Ethics Referral and Financial Disclosure Questions
The Office of Congressional Ethics transmitted a formal referral to the House Committee on Ethics on December 22, 2021, titled “OCE Report Regarding Rep. Ilhan Omar.” The public notice states she “may have omitted required information from her annual financial disclosure reports” and “may have received an advance payment on royalties” for her memoir. The House conduct page explicitly warns that if the omissions are confirmed, Omar “may have violated federal law, House rules, and standards of conduct.” [1] That referral remains the most concrete, primary-sourced accountability action in the public record.
Rep. Mike Flood separately wrote the House Committee on Ethics citing “a wide variety of instances of conduct and speech” he believed violated the House code of conduct. [5] These two tracks — the Office of Congressional Ethics referral and Flood’s complaint — represent formal institutional steps, distinct from the louder expulsion talk circulating in conservative media. Accountability through the ethics process is the appropriate constitutional mechanism, and it deserves to be taken seriously rather than drowned out by sensational headlines.

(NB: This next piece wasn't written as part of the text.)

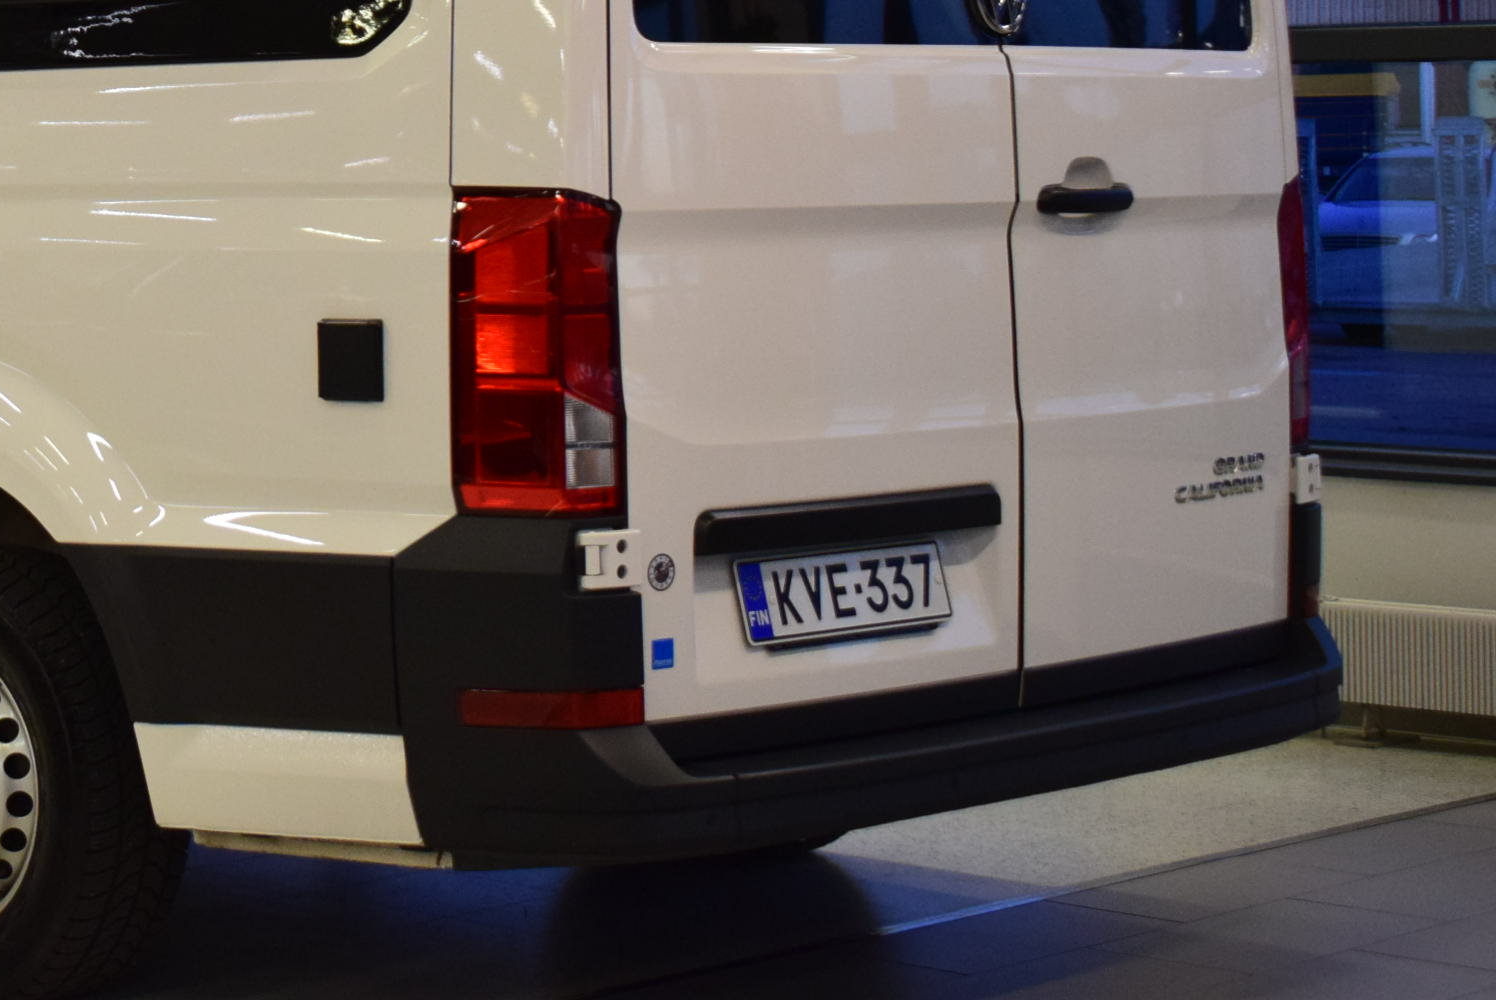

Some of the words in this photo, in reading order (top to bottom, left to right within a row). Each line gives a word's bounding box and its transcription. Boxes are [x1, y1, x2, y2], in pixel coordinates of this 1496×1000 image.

[1212, 452, 1265, 476] GRAND
[1174, 475, 1263, 504] CALIFORNIA
[748, 609, 770, 627] FIN

The Feeding Our Future Connection
The Feeding Our Future scandal involved more than $250 million in fraudulent federal food-program claims and resulted in dozens of convictions across Minnesota’s Somali-American community. Omar’s name reportedly appeared six times in case materials, and emails exchanged in February and March 2021 between her office and a key figure in the scheme discussed United States Department of Agriculture food programs. [6] Her campaign also spent nearly $10,000 at Safari Restaurant between 2018 and 2020 — a venue later tied to convicted defendants in the case. [6]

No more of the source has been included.